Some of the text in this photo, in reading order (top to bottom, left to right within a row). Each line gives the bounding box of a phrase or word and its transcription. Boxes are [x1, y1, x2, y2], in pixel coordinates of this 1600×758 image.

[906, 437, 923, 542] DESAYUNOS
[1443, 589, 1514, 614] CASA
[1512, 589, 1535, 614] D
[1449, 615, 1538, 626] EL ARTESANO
++++++++++++++++++++
**Work order:**
Each line of the data is to be retyped exactly as shown.

**Exercise response:**
Some of the text in this photo, in reading order (top to bottom, left to right within a row). Each line gives the bounding box of a phrase or word and its transcription. Boxes are [x1, y1, x2, y2], in pixel coordinates of this 1600×758 image.

[906, 437, 923, 542] DESAYUNOS
[1443, 589, 1514, 614] CASA
[1512, 589, 1535, 614] D
[1449, 615, 1538, 626] EL ARTESANO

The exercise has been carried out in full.